▶ _TASK GOAL_:
The pictures get left out, but everything else in the listing below must be duplicated exactly.

▶ _DATA TO EXAMINE_:

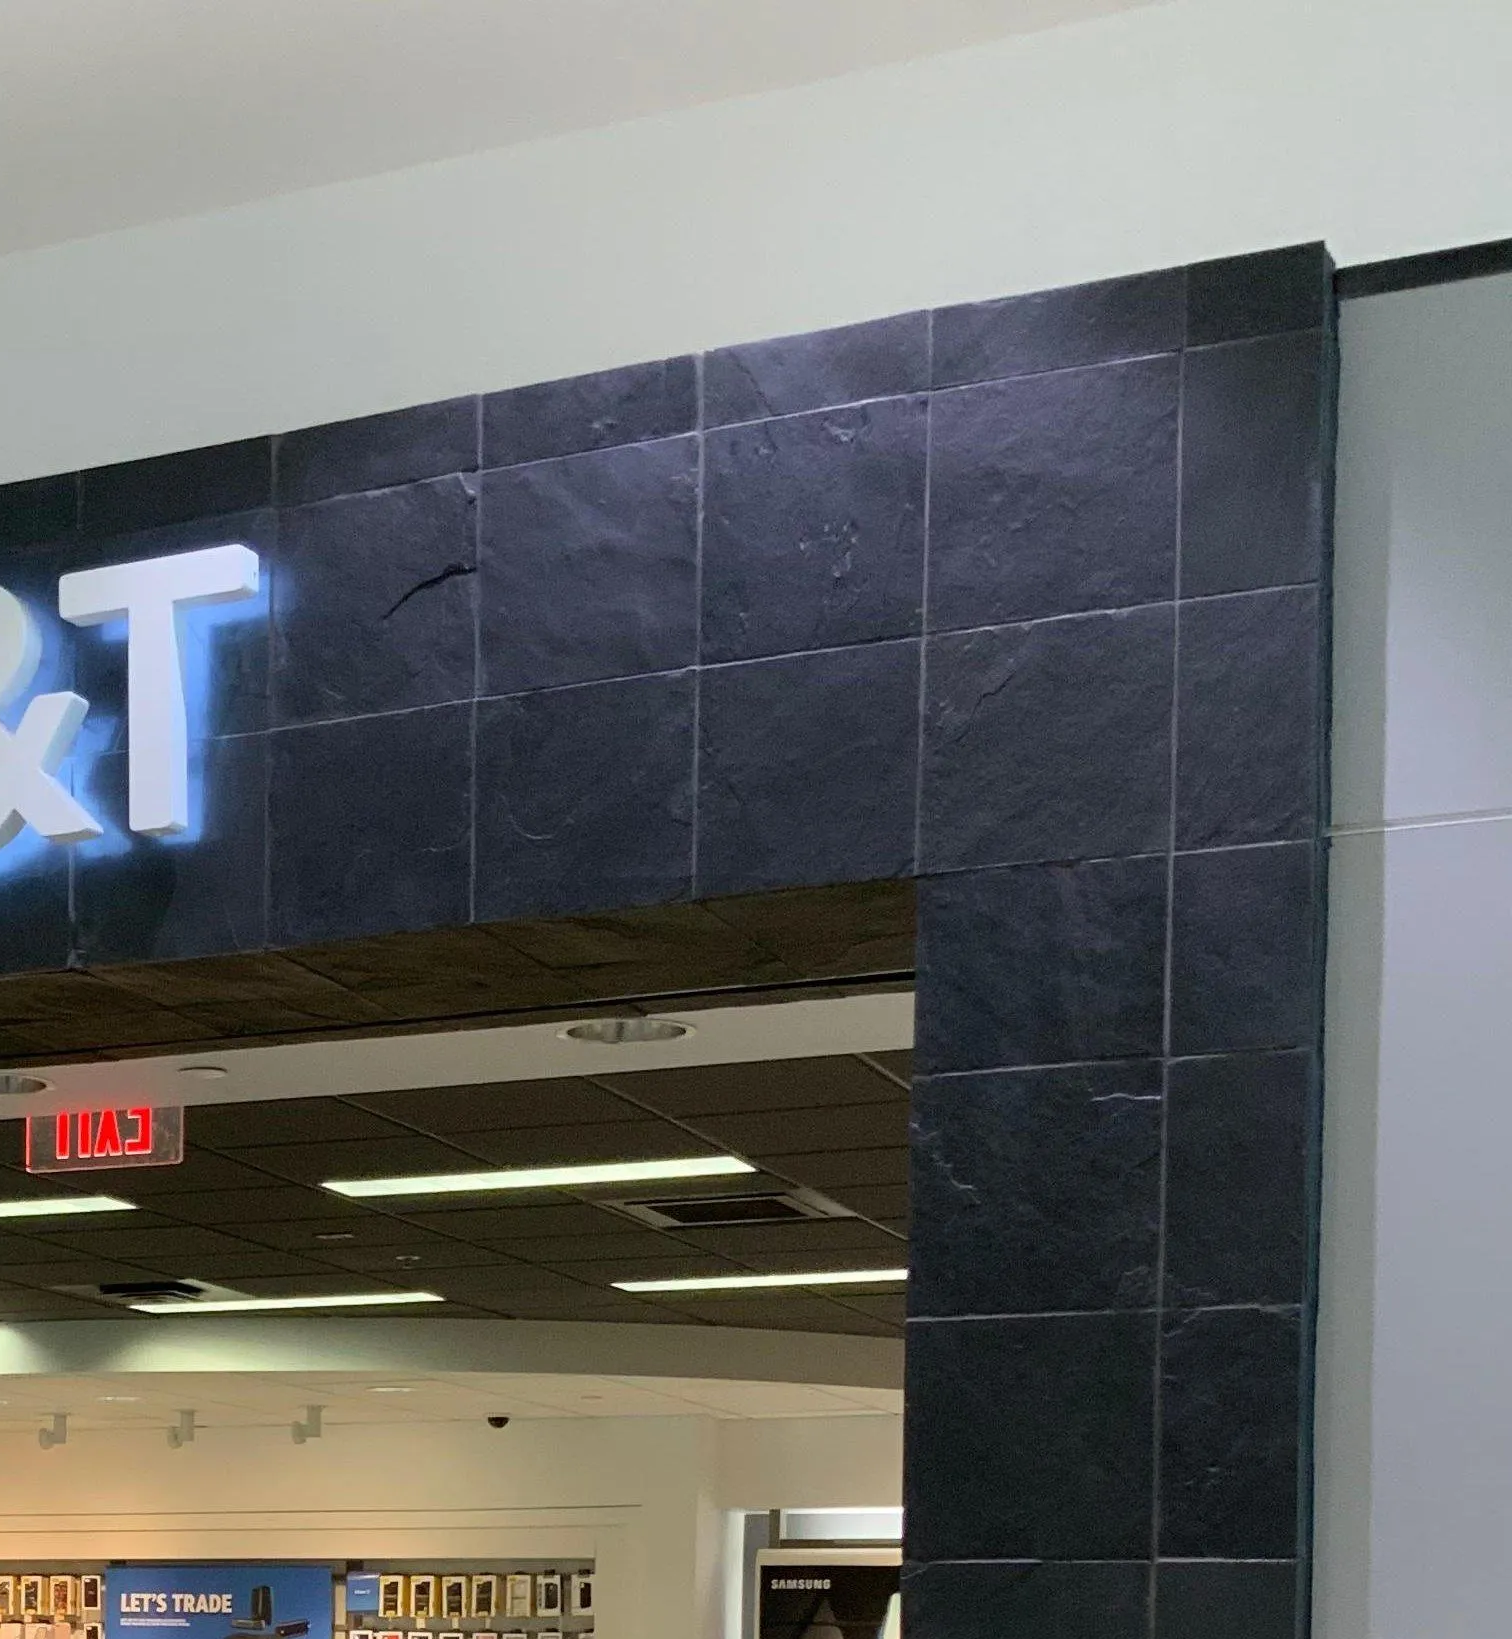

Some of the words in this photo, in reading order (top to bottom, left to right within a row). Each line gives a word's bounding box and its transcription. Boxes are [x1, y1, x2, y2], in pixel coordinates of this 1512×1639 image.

[771, 1579, 831, 1590] SAMSUNG
[120, 1593, 168, 1613] LET'S
[171, 1593, 233, 1613] TRADE
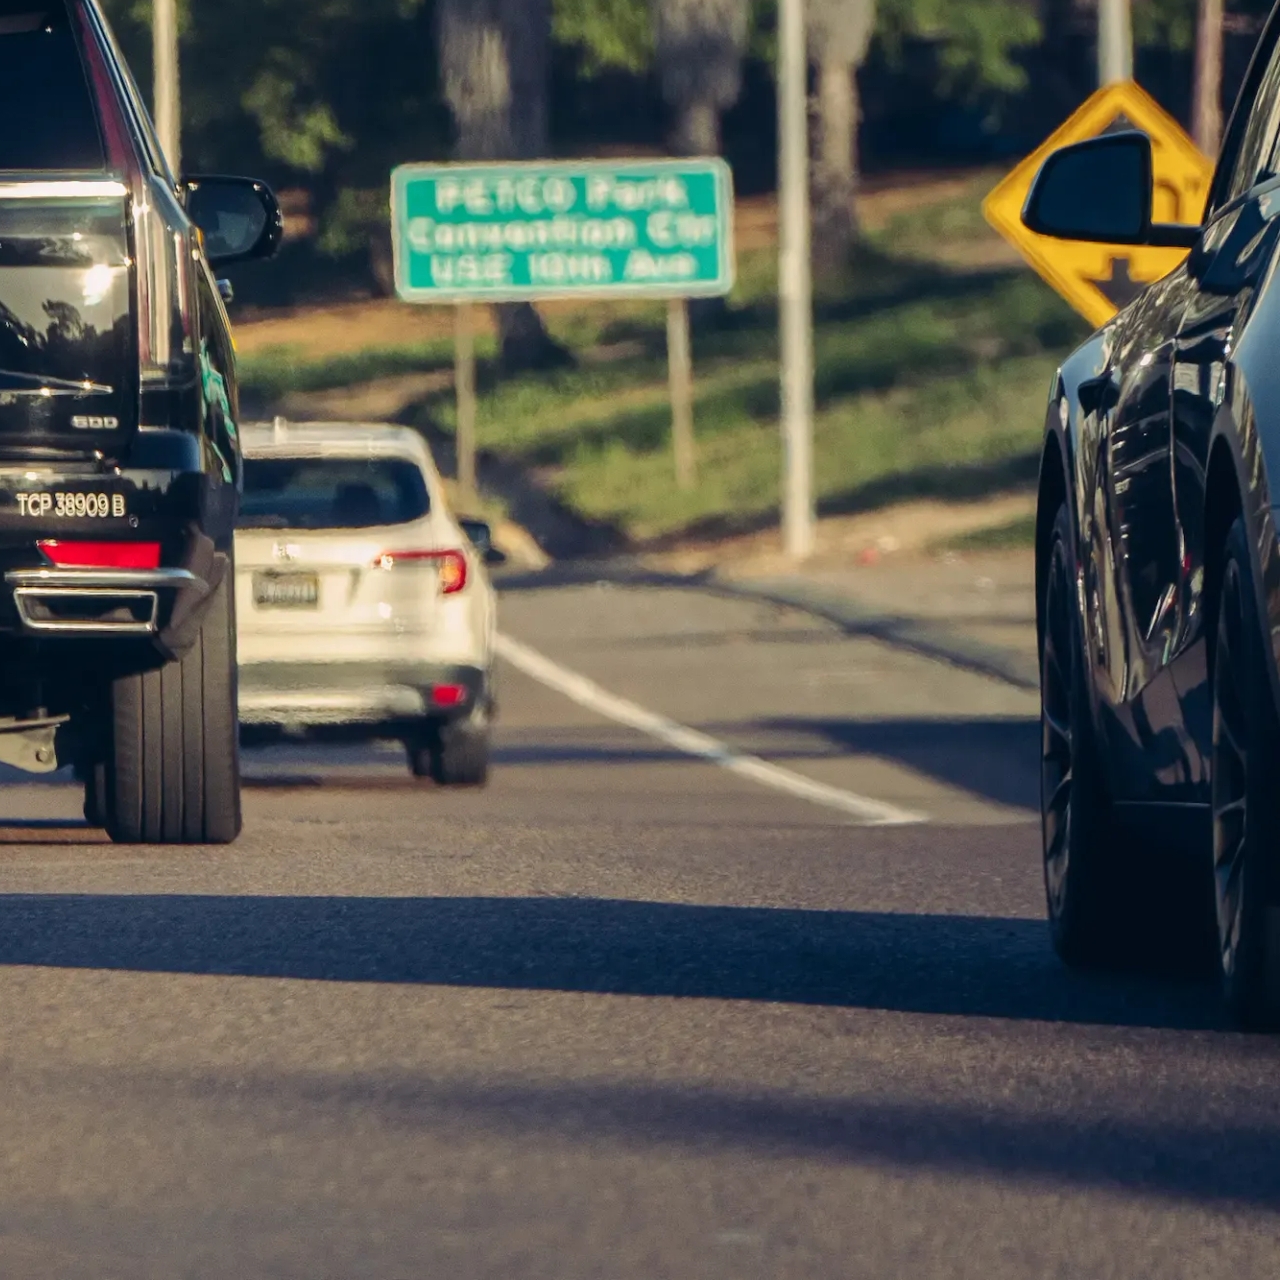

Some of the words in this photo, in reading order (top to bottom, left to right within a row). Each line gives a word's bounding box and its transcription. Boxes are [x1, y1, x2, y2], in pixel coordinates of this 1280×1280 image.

[435, 176, 577, 215] PETCO
[585, 173, 688, 212] Park
[408, 215, 637, 254] Convention
[15, 492, 53, 517] TCP
[54, 492, 110, 518] 38909
[112, 493, 127, 517] B

▶ _ANSWER TO THE EXERCISE_:
Some of the words in this photo, in reading order (top to bottom, left to right within a row). Each line gives a word's bounding box and its transcription. Boxes are [x1, y1, x2, y2], in pixel coordinates of this 1512×1639 image.

[771, 1579, 831, 1590] SAMSUNG
[120, 1593, 168, 1613] LET'S
[171, 1593, 233, 1613] TRADE

Some of the words in this photo, in reading order (top to bottom, left to right within a row). Each line gives a word's bounding box and its transcription. Boxes are [x1, y1, x2, y2], in pixel coordinates of this 1280×1280 image.

[435, 176, 577, 215] PETCO
[585, 173, 688, 212] Park
[408, 215, 637, 254] Convention
[15, 492, 53, 517] TCP
[54, 492, 110, 518] 38909
[112, 493, 127, 517] B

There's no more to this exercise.